Write out the records once more, exactly, and keep any image out.

= Extracted entries =
------------------------------

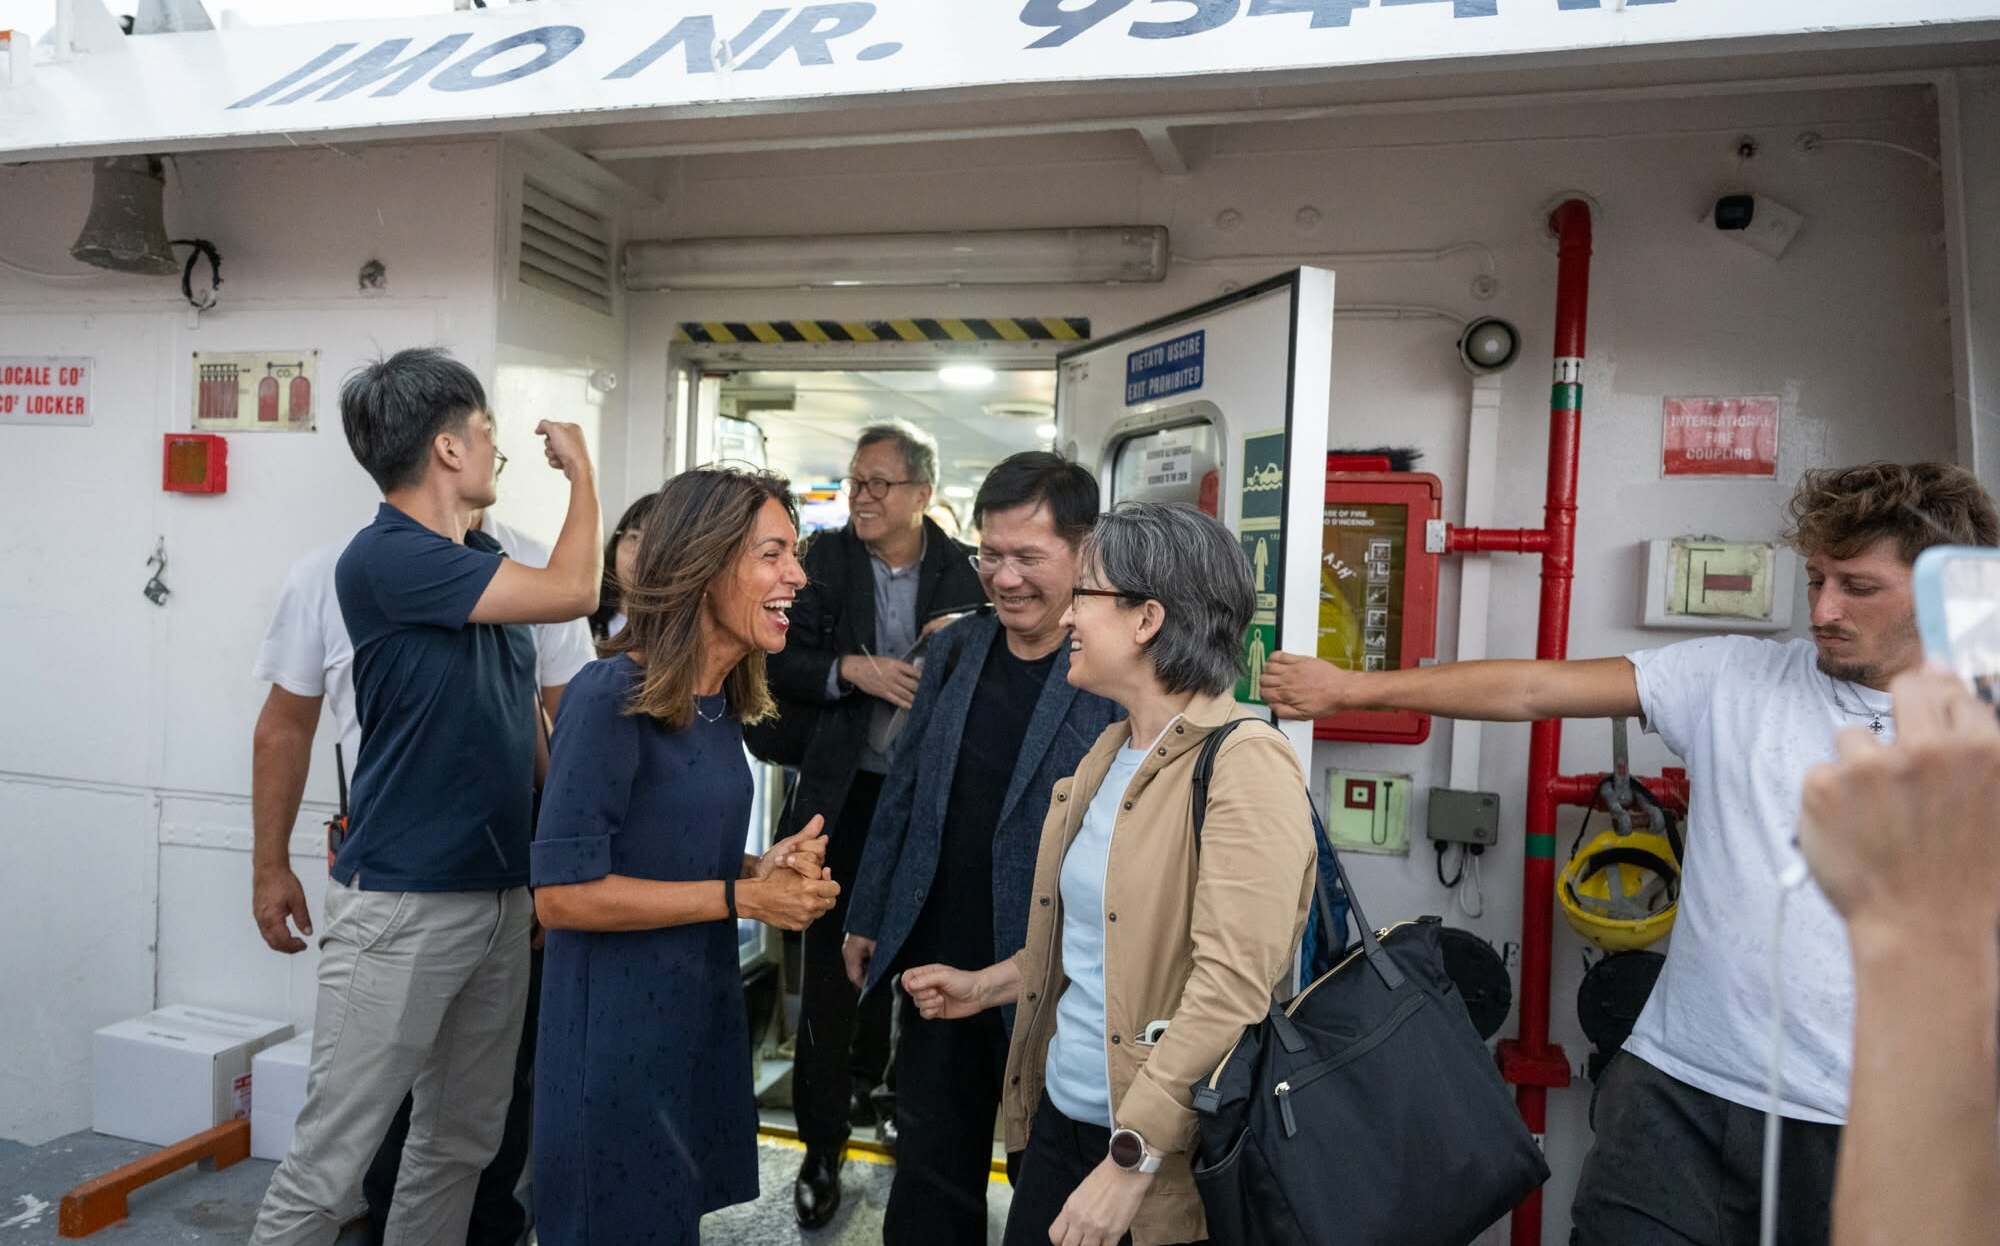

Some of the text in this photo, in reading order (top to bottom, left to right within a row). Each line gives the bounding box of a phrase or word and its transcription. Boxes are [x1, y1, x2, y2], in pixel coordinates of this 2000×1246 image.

[225, 25, 585, 109] IMO
[600, 2, 904, 80] NR.
[1130, 336, 1201, 374] VIETATO USCIRE
[1127, 366, 1201, 402] EXIT PROHIBITED
[26, 395, 85, 415] LOCKER
[1671, 415, 1769, 428] INTERNATIONAL
[1704, 431, 1736, 445] FIRE
[1686, 447, 1752, 461] COUPLING
[1338, 510, 1349, 518] OF
[1350, 510, 1367, 518] FIRE
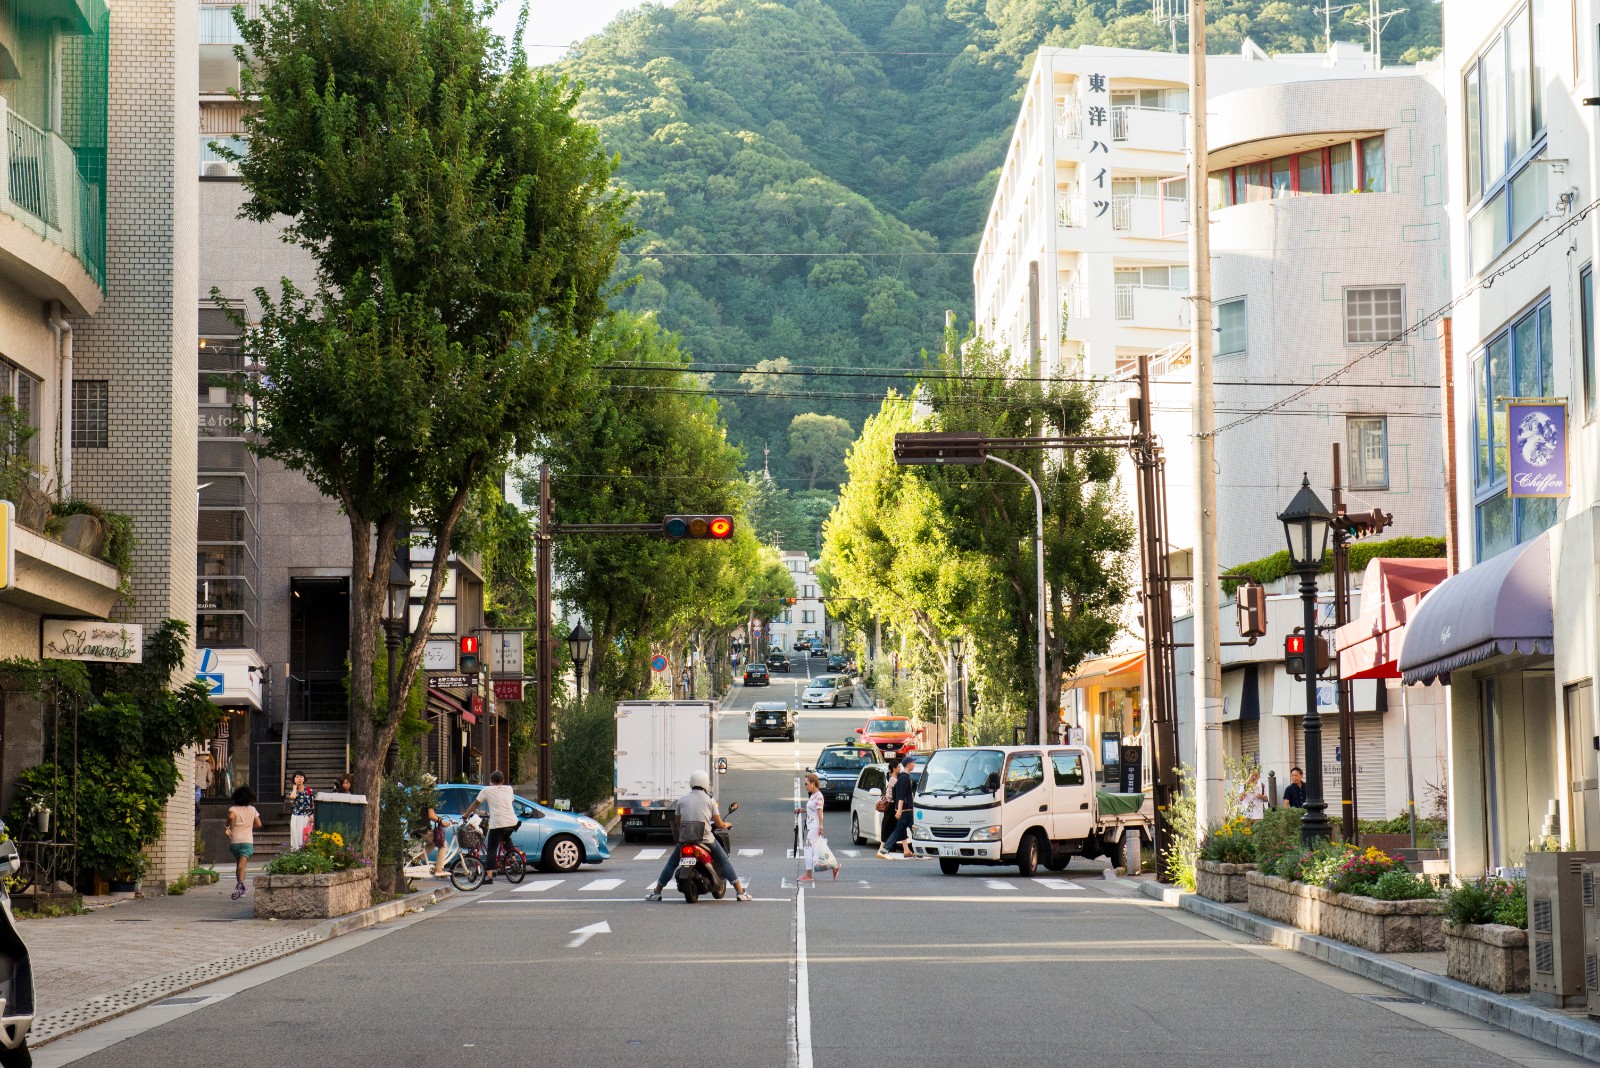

------------------------------

= Task response =
Some of the text in this photo, in reading order (top to bottom, left to right within a row). Each line gives the bounding box of a phrase or word and its transcription. Boxes are [x1, y1, x2, y2], in pixel coordinates of this 2000×1246 image.

[225, 25, 585, 109] IMO
[600, 2, 904, 80] NR.
[1130, 336, 1201, 374] VIETATO USCIRE
[1127, 366, 1201, 402] EXIT PROHIBITED
[26, 395, 85, 415] LOCKER
[1671, 415, 1769, 428] INTERNATIONAL
[1704, 431, 1736, 445] FIRE
[1686, 447, 1752, 461] COUPLING
[1338, 510, 1349, 518] OF
[1350, 510, 1367, 518] FIRE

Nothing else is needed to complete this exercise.